Which assembly products are returned depends on the input order

manulera commented 9 months ago

Hi @BjornFJohansson this is what we discussed the other day that I could not explain clearly. Here is an example. Basically, when calling Assembly.assemble_linear, the assemblies that are returned are only the ones that start from the first fragment in either orientation, and finish with the last fragment in either orientation.

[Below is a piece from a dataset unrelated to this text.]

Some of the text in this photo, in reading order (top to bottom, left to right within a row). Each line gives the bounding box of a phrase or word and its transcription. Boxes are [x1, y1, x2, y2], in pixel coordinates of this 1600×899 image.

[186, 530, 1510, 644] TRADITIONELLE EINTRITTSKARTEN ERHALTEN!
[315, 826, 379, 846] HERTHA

See minimal example below where the same inputs are provided, but their order is changed:

# Current pydna assembly implementation
from pydna import assembly
from pydna.dseqrecord import Dseqrecord

fragments = [
    Dseqrecord('aaaTCGATGGGaaa', id='f_1'),
    Dseqrecord('ccTCGATGGGcccCTCTCATAcc', id='f_2'),
    Dseqrecord('ggCTCTCATAggg', id='f_3'),
]

print('Old implementation, original order')
asm = assembly.Assembly(fragments, limit=8)
for output in asm.assemble_linear():
    print(output.seq)
print()

print('Old implementation, change order')
# Change the order, now fragment f_1 is last
asm = assembly.Assembly(fragments[1:] + fragments[:1], limit=8)
for output in asm.assemble_linear():
    print(output.seq)
print()

This prints

Old implementation, original order
aaaTCGATGGGcccCTCTCATAggg

Old implementation, change order
ggTATGAGAGgggCCCATCGAttt < This is (f_2 inverted + f_1 inverted)
ccTCGATGGGaaa < This is f_2 + f_1

As you can see, it only returns assemblies that start from the first fragment in either orientation and finish with the last fragment, even when the first result is a subassembly of f_1 + f_2 + f_3.

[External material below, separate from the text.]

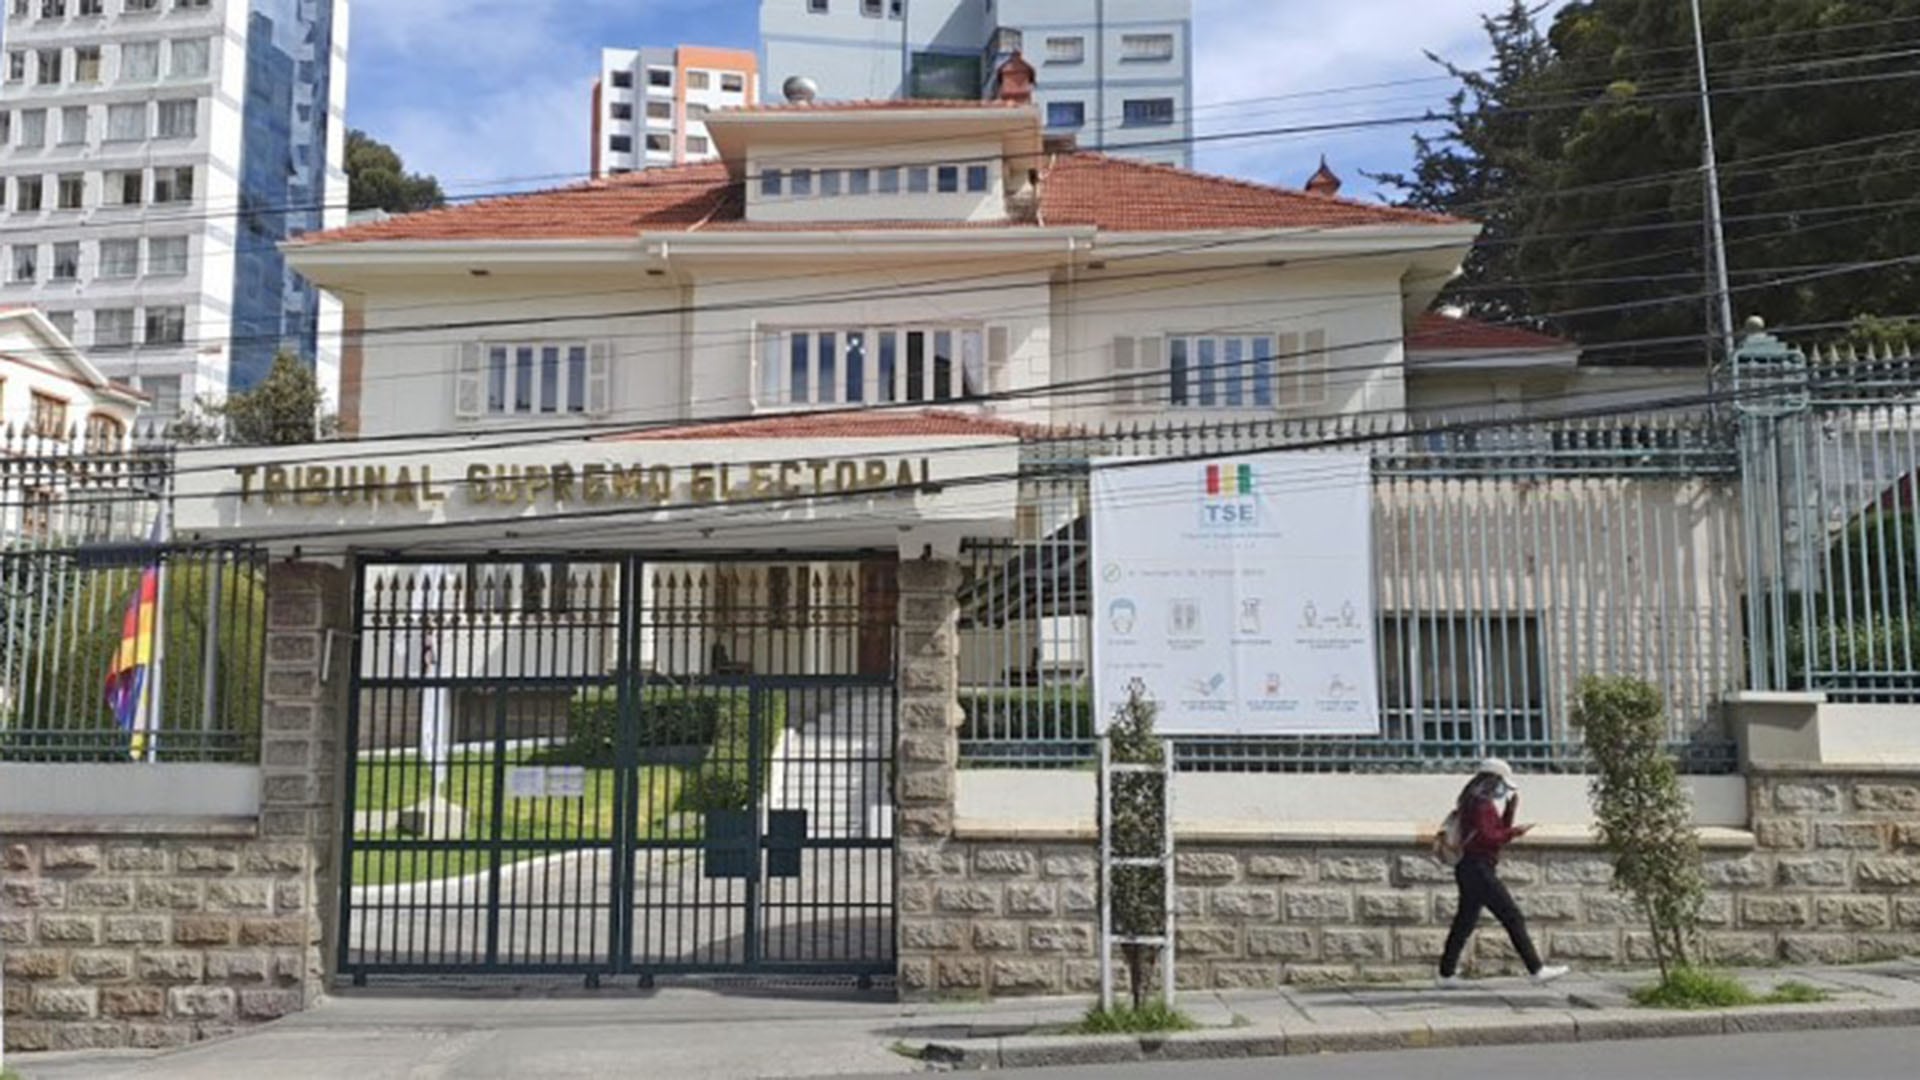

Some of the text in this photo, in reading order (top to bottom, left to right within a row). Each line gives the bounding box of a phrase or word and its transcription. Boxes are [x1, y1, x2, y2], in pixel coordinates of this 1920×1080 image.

Instead, the new implementation ignores the order of inputs for linear assemblies, and returns always the same output. See how all possibilities are returned.

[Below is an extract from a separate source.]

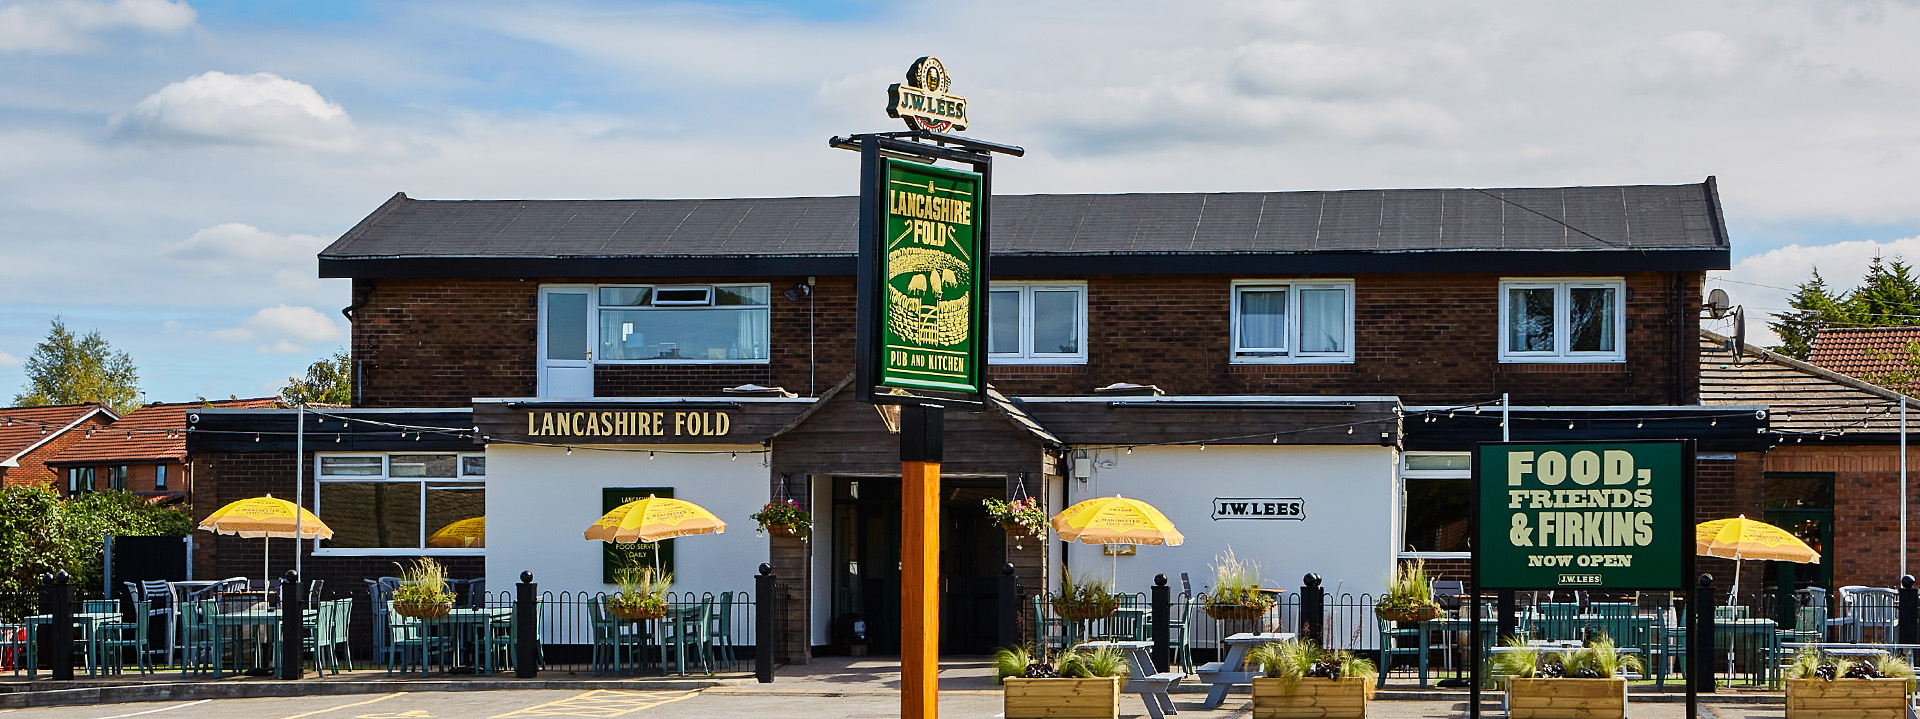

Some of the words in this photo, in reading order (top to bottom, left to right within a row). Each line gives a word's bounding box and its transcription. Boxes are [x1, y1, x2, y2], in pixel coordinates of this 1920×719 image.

To reproduce the old behaviour and pass most old tests, I introduced the parameter use_fragment_order. If you agree, I think this can be removed after the merge (I will fix the tests).

import assembly2

print('New implementation, original order')
# New implementation
asm = assembly2.Assembly(fragments, limit=8, use_fragment_order=False)
for output in asm.assemble_linear():
    print(output.seq)

print()
print('New implementation, change order')
asm = assembly2.Assembly(fragments[1:] + fragments[:1], limit=8, use_fragment_order=False)
for output in asm.assemble_linear():
    print(output.seq)

print()

print('New implementation, original order, start from first')
# To reproduce the old behavior, just set use_fragment_order=True
asm = assembly2.Assembly(fragments, limit=8, use_fragment_order=True)
for output in asm.assemble_linear():
    print(output.seq)
print()

print('New implementation, change order, start from first')
asm = assembly2.Assembly(fragments[1:] + fragments[:1], limit=8, use_fragment_order=True)
for output in asm.assemble_linear():
    print(output.seq)

This prints

New implementation, original order
aaaTCGATGGGcccCTCTCATAggg < f_1 + f_2 + f_3
ccTCGATGGGaaa < f_2 + f_1
ggCTCTCATAcc < f_3 + f_2

New implementation, change order
aaaTCGATGGGcccCTCTCATAggg
ccTCGATGGGaaa
ggCTCTCATAcc

New implementation, original order, start from first
aaaTCGATGGGcccCTCTCATAggg

New implementation, change order, start from first
ccTCGATGGGaaa
ggTATGAGAGgggCCCATCGAttt

cc @hiyama341 @JamesBagley since they might be interested

BjornFJohansson commented 8 months ago

yes! I see this was done!

manulera commented 8 months ago

To reproduce the old behaviour and pass most old tests, I introduced the parameter use_fragment_order. If you agree, I think this can be removed after the merge (I will fix the tests).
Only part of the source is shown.